Data Directory : Directory under which all data is stored by default it should be /var/lib/postgresql.

Replication slot: Before 9.4, in the event of a standby going offline, a master kept set a number of WAL files until the standby comes back online. So, in order to know how many WAL files need to be kept around, the wal_keep_segments setting needed to be set just right.

Now, with 9.4 and onwards, the wal_keep_segments is no longer needed as one can use replication slots instead. The behavior is similar, but a replication slot ensures that all the WAL files are being kept forever on behalf of the standby.

Understanding Log Shipping Replication.

Log Shipping refers to directly shipping WAL logs from master to slave. It allows to implement replication irrespective of the physical location of the server and is constraint by bandwidth only. There are two types of log shipping methodology.

File based log shipping
Record base log shipping (Streaming Replication)

Log shipping is asynchronous in nature and logs are shipped after they have been written to disk and thus may increase the RTO. Using Streaming Replication data loss can be minimised.

When the admin starts a standby server the following steps are performed by standby.

Objective

Setting up a Streaming replication include these steps at high level.

Configure Primary database to allow standbys to connect.
Create a base backup using pg_basebackup of the database cluster
Add a recovery.conf file in the Data directory of the Secondary.
Turn on standby mode.

Before we begin.

Ensure that Primary and Secondary should be similar to each in terms of mount paths , tablespace , Hardware architecture.

Ensure that Primary and Secondary should be reachable to each other on the network.

Configurations on the Primary Server.

Create the replication user (repl): To configure the replication PostgreSQL requires a role with REPLICATION permission at the very least.

postgres@primary$ psql -c "CREATE USER repl REPLICATION LOGIN PASSWORD 'SuperSecretPassword';"

Crete replication slot: Replication slot for the standby server

select * from pg_create_physical_replication_slot('standby');

Edit pg_hba.conf: To enable the repl user’s authentication to Primary server.

# Allow replication connections
host     replication     repl         /32        md5

Edit postgresql.conf: Add entries to enable replication. set the wal level configuration parameter to replica

# In releases prior to 9.6, this parameter also allowed the values archive and hot_standby. These are still accepted but mapped to replicawal_level = replica# maximum number of concurrent connections from secondarymax_wal_senders = 3

Restart the primary server

root@primary# service postgresql restart

Backing up the primary server to the standby server.

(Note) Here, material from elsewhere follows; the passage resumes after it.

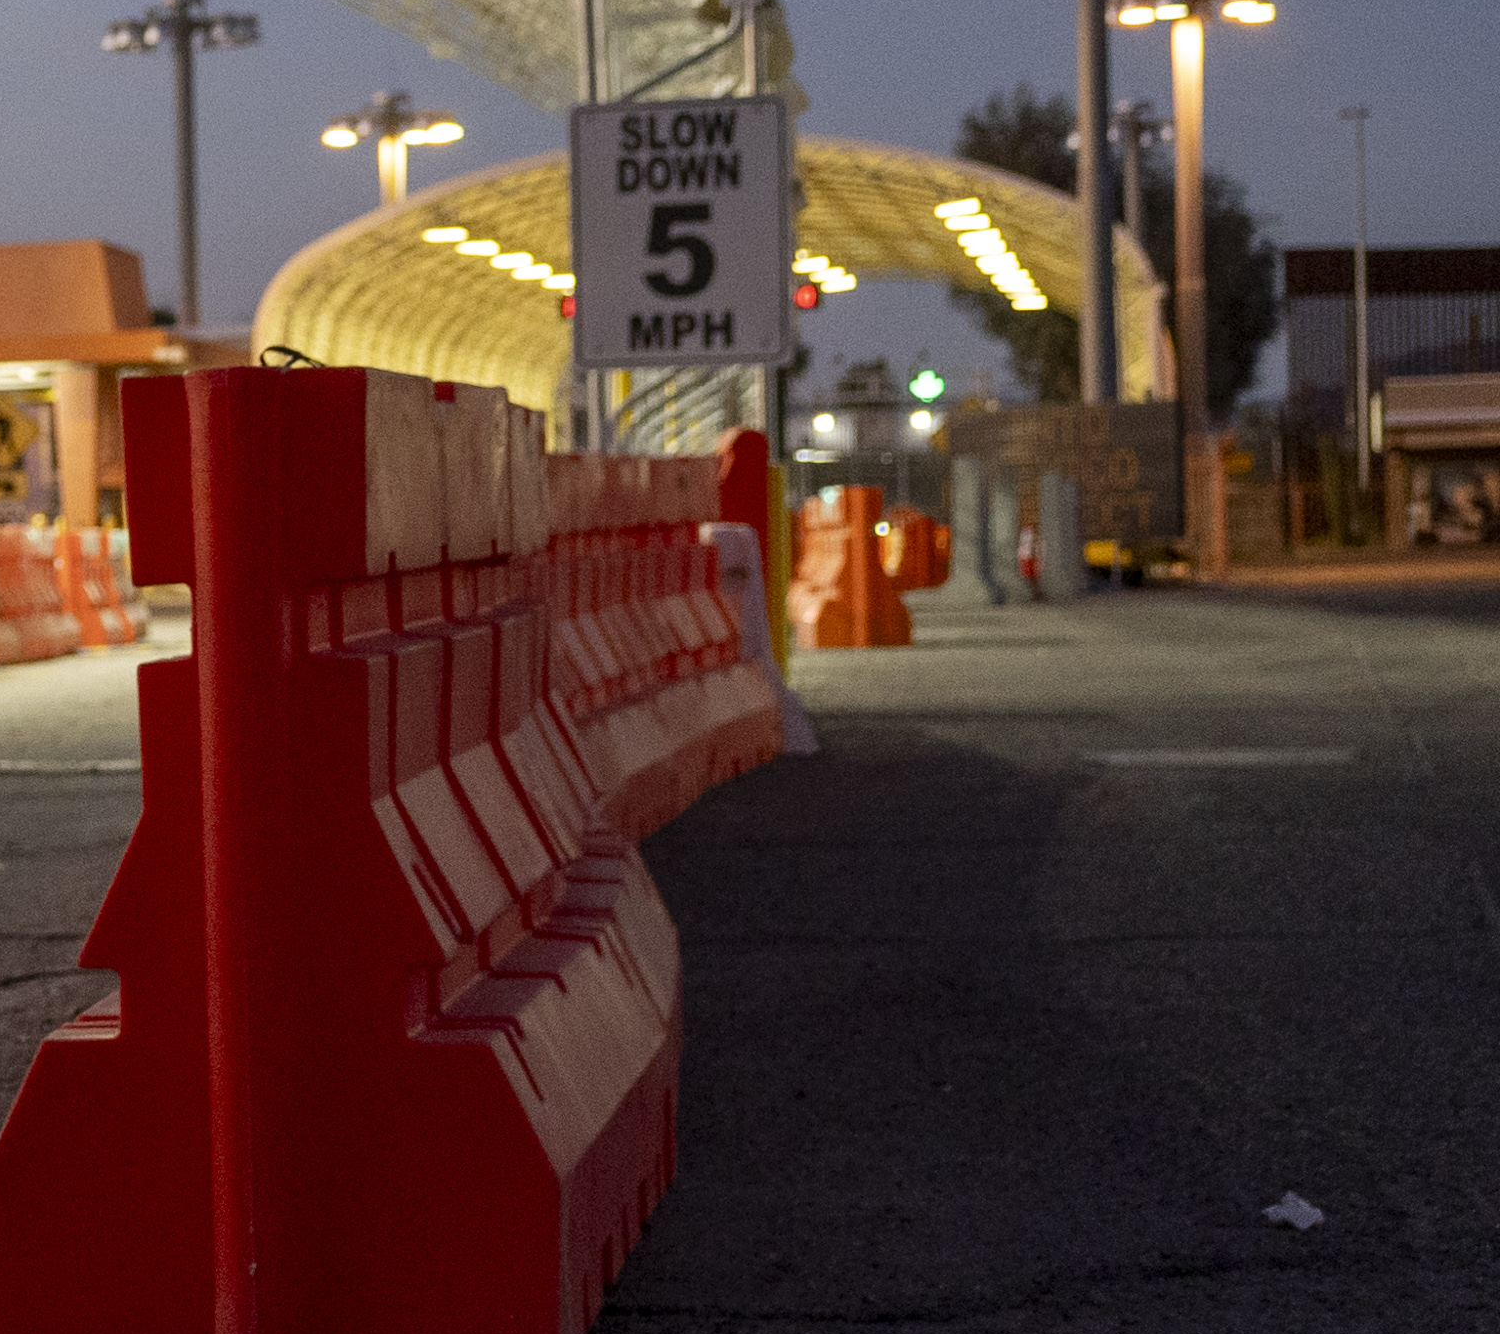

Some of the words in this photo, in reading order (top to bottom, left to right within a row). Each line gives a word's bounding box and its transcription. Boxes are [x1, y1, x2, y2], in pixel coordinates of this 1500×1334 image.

Stop the secondary server.

root@secondary# service postgresql stop

Create empty database cluster. pg_basebackup doesn’t overwrite the existing files it is advisable to take the backup of the already existing data if you want to keep it. The following command drop the existing database cluster and creates a new one.

root@secondary# pg_dropcluster <version>  main
root@secondary# pg_createcluster --lc-collate=en_US.UTF-8 --lc-ctype=en_US.UTF-8 -d <data_directory> <version> main

Execute pg_basebackup from secondary database.

$ sudo -u postgres pg_basebackup -h <master-server-ip>  -D <data_directory> -U repl -S standby -R -v --xlog-method=stream

Wait for the basebackup to finish.

Configurations on the Secondary Server.

Edit postgresql.conf: Add following line

hot_standby = on # It is ignored on master.

Create a new configuration file named recovery.conf in the Data directory.

standby_mode = 'on'
primary_conninfo = 'user=repl password=SuperSecretPassword host=<primary-server-ip> port=5432 sslmode=prefer'
primary_slot_name = 'standby'
recovery_target_timeline = 'latest'

Start secondary server.

root@secondary# service postgresql stop

Checking the replication status

On Primary and Secondary the below command should give the same checkpoints:

ps aux | grep "sender/|receiver"

Troubleshooting:

Look at the Postgres log on each server.

Standby complains about missing logs : The master has deleted logs before the standby could process them
pg_xlog directory filled : Move few older WAL logs to some temporary directory. Restart the postgres again. It will fetch logs from Master.
Authentication problem. Check pg_hba.conf on Master .